* _Your assignment_
Would you please give every entry again exactly, without the pictures?
+---+
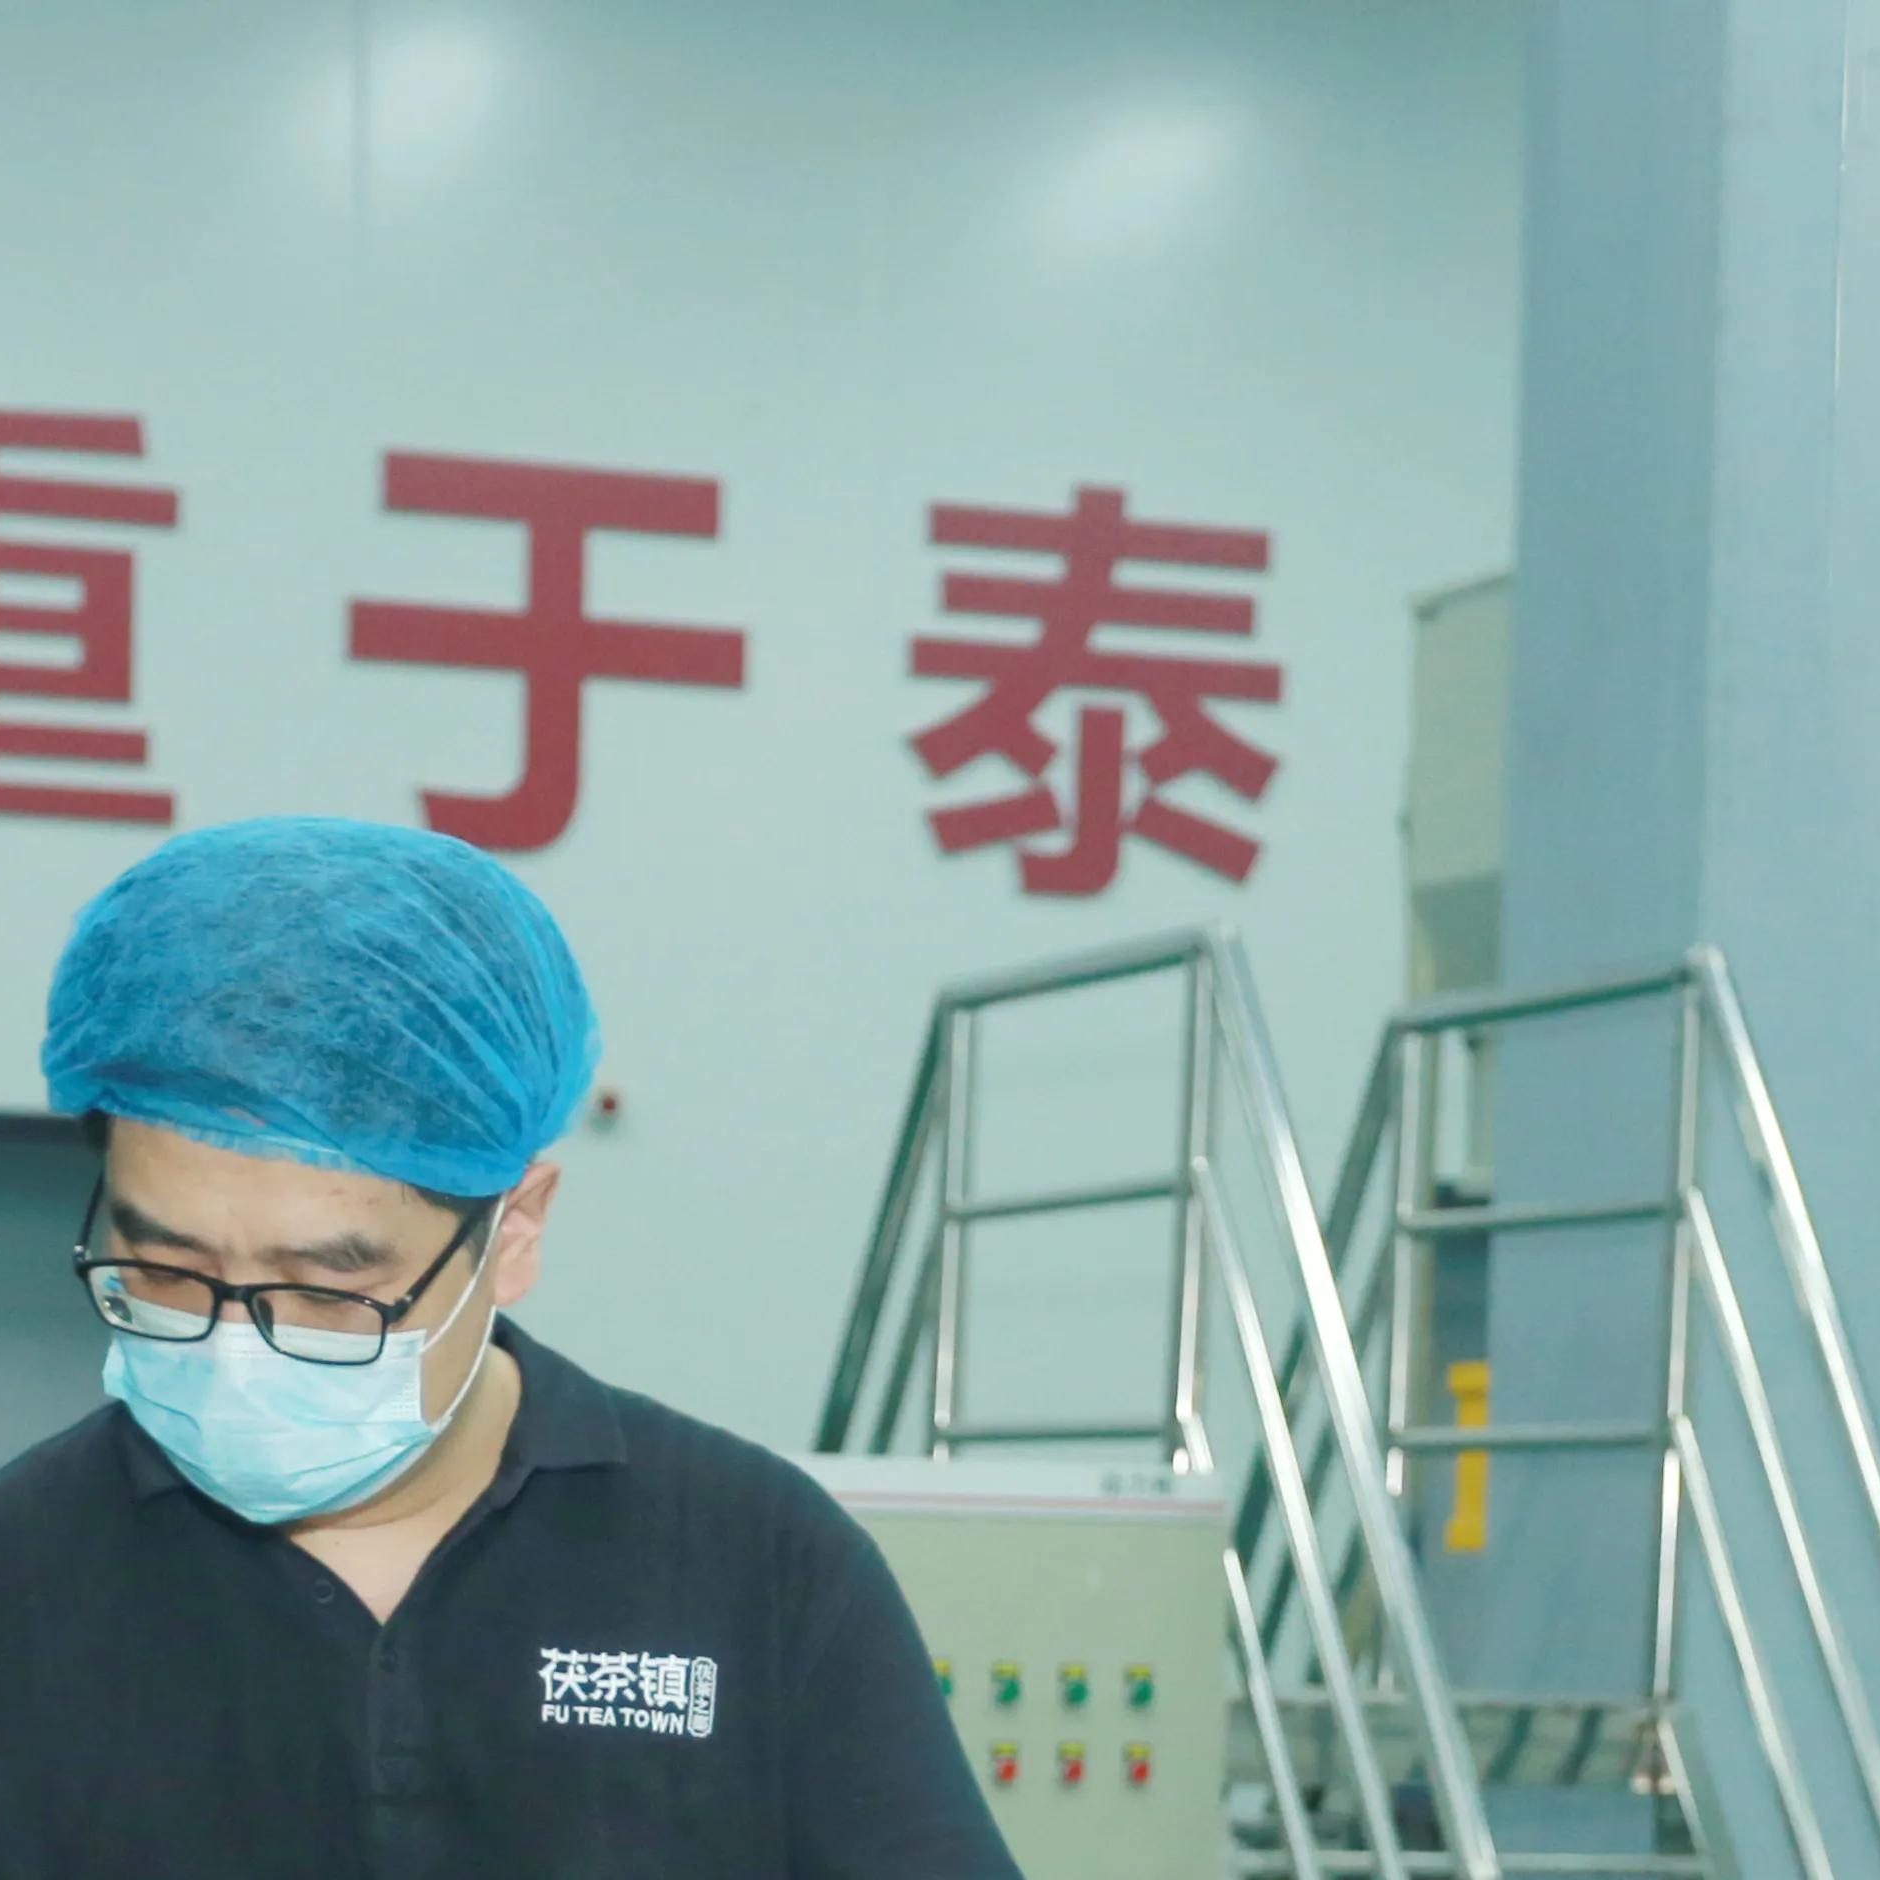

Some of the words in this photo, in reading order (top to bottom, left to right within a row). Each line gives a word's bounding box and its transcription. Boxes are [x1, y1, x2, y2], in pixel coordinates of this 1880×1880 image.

[538, 1647, 691, 1711] 茯茶镇
[541, 1704, 570, 1725] FU
[572, 1706, 617, 1728] TEA
[617, 1707, 685, 1736] TOWN
+---+
* _Response below_
Some of the words in this photo, in reading order (top to bottom, left to right within a row). Each line gives a word's bounding box and its transcription. Boxes are [x1, y1, x2, y2], in pixel coordinates of this 1880×1880 image.

[538, 1647, 691, 1711] 茯茶镇
[541, 1704, 570, 1725] FU
[572, 1706, 617, 1728] TEA
[617, 1707, 685, 1736] TOWN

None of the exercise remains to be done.